(Collected data)
=== Section Start ===
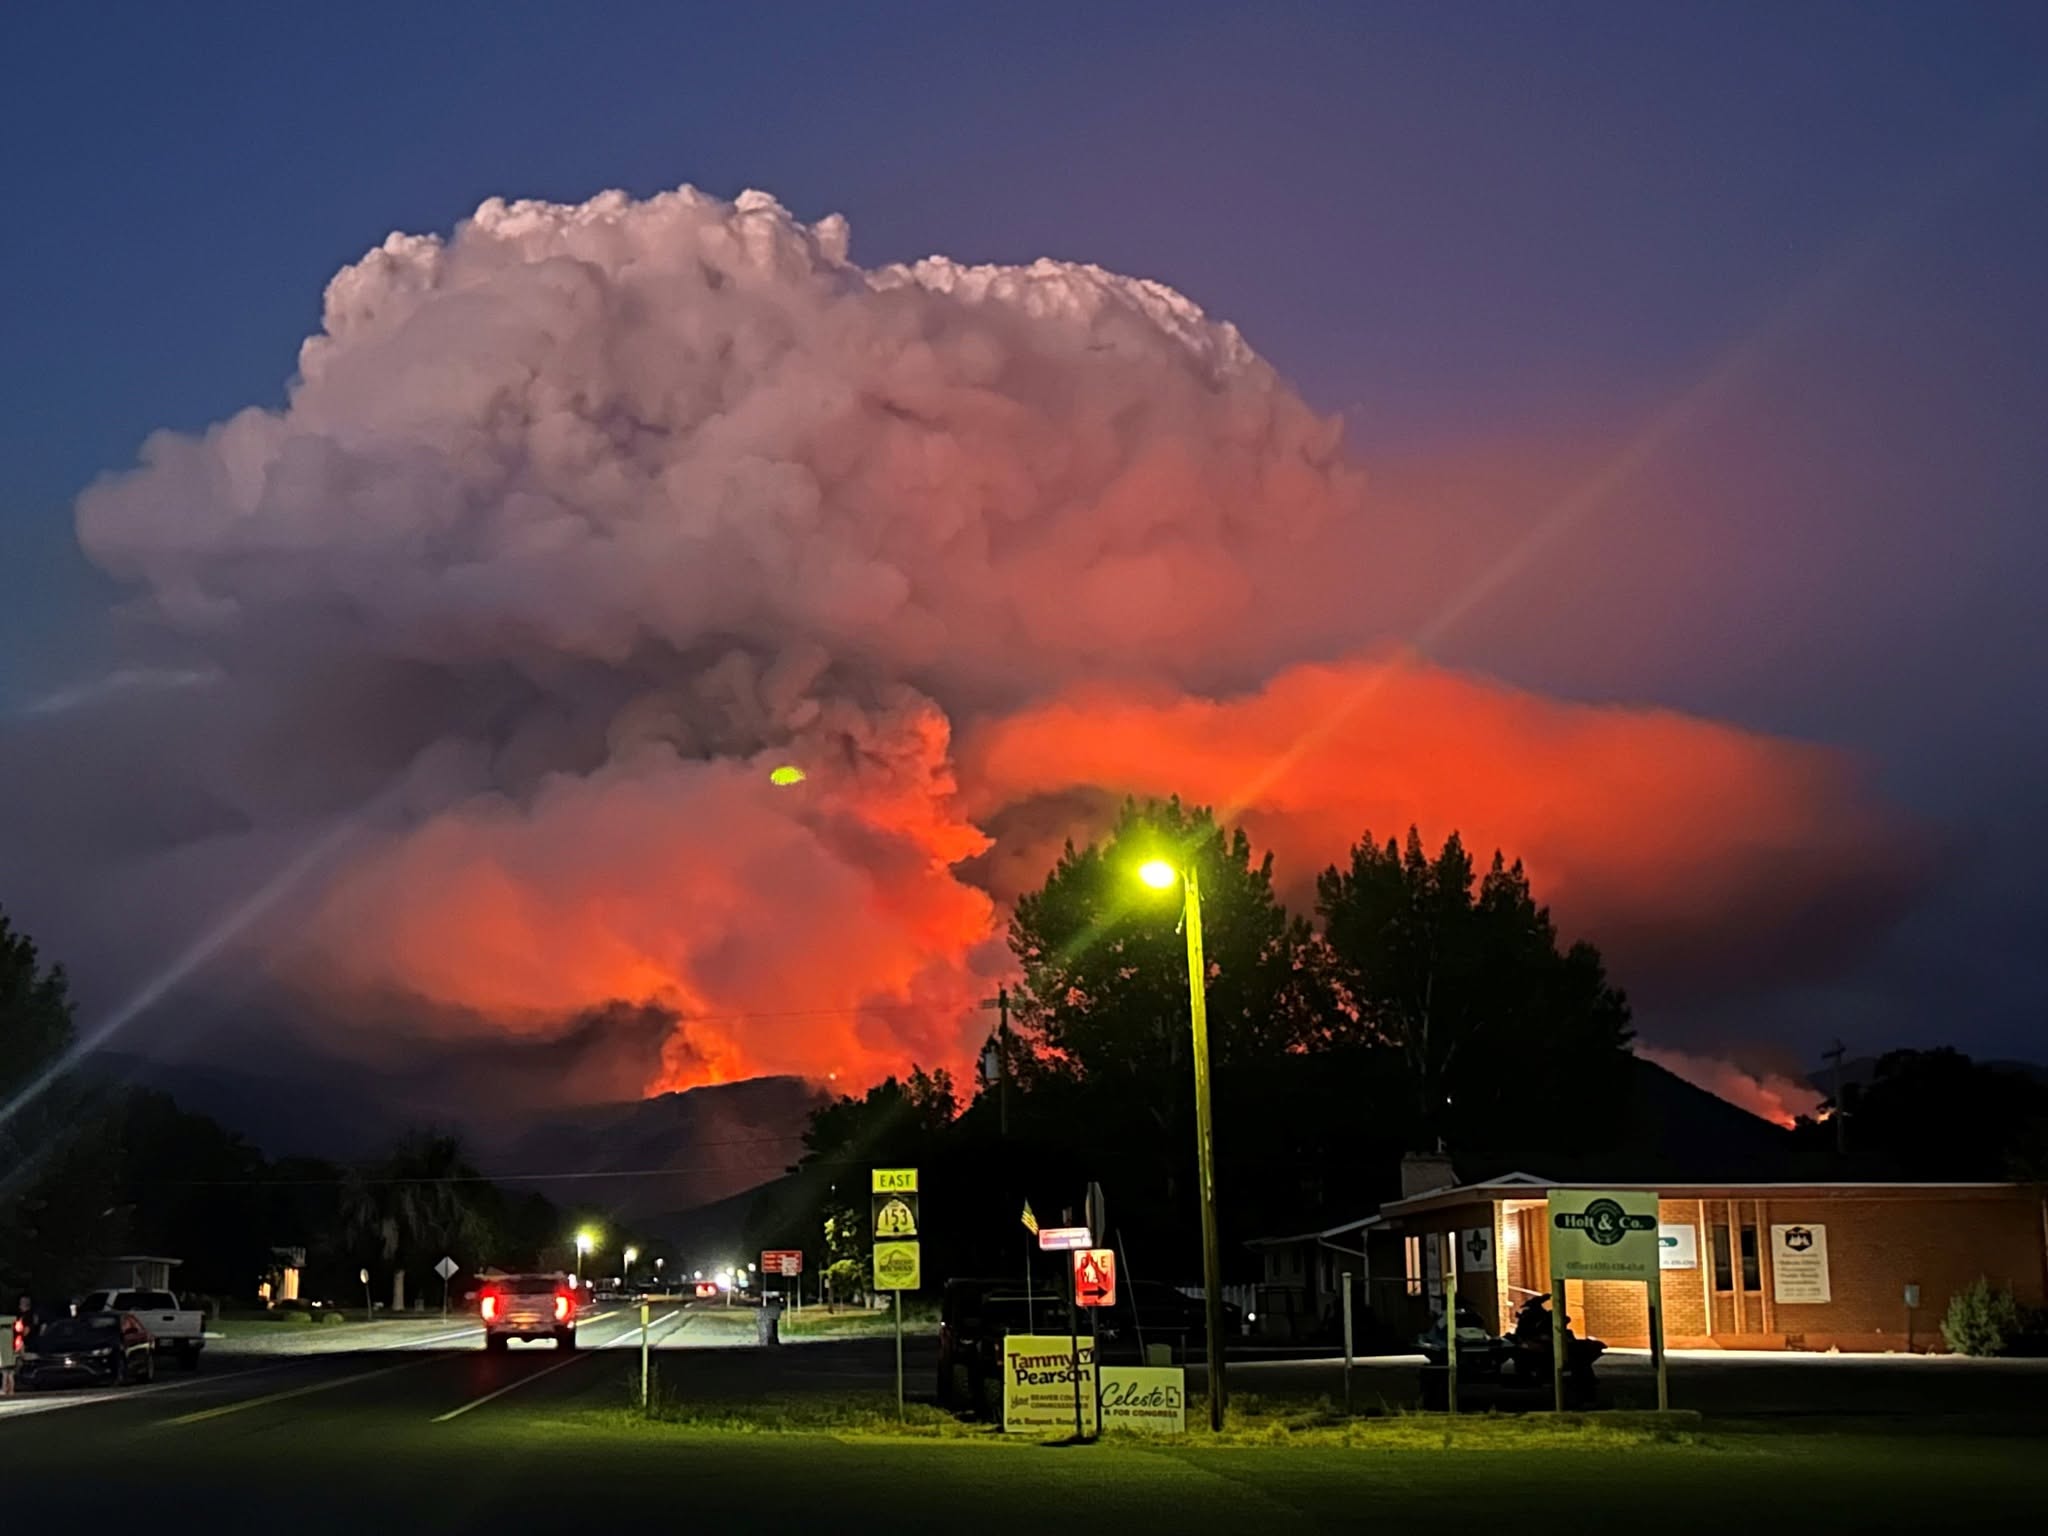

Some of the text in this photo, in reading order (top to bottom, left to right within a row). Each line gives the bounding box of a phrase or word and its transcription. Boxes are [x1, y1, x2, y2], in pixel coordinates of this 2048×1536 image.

[880, 1175, 911, 1187] EAST
[884, 1209, 908, 1227] 153
[1565, 1213, 1644, 1230] Holt & Co.
[1008, 1352, 1073, 1370] Tammy
[1015, 1369, 1090, 1386] Pearson
[1100, 1382, 1164, 1408] Celeste
[1132, 1410, 1178, 1418] CONGRESS
=== Section End ===
- [TASK] For this exercise, return the records above in full and exactly, omitting the images.

- [EXERCISE RESPONSE]
Some of the text in this photo, in reading order (top to bottom, left to right within a row). Each line gives the bounding box of a phrase or word and its transcription. Boxes are [x1, y1, x2, y2], in pixel coordinates of this 2048×1536 image.

[880, 1175, 911, 1187] EAST
[884, 1209, 908, 1227] 153
[1565, 1213, 1644, 1230] Holt & Co.
[1008, 1352, 1073, 1370] Tammy
[1015, 1369, 1090, 1386] Pearson
[1100, 1382, 1164, 1408] Celeste
[1132, 1410, 1178, 1418] CONGRESS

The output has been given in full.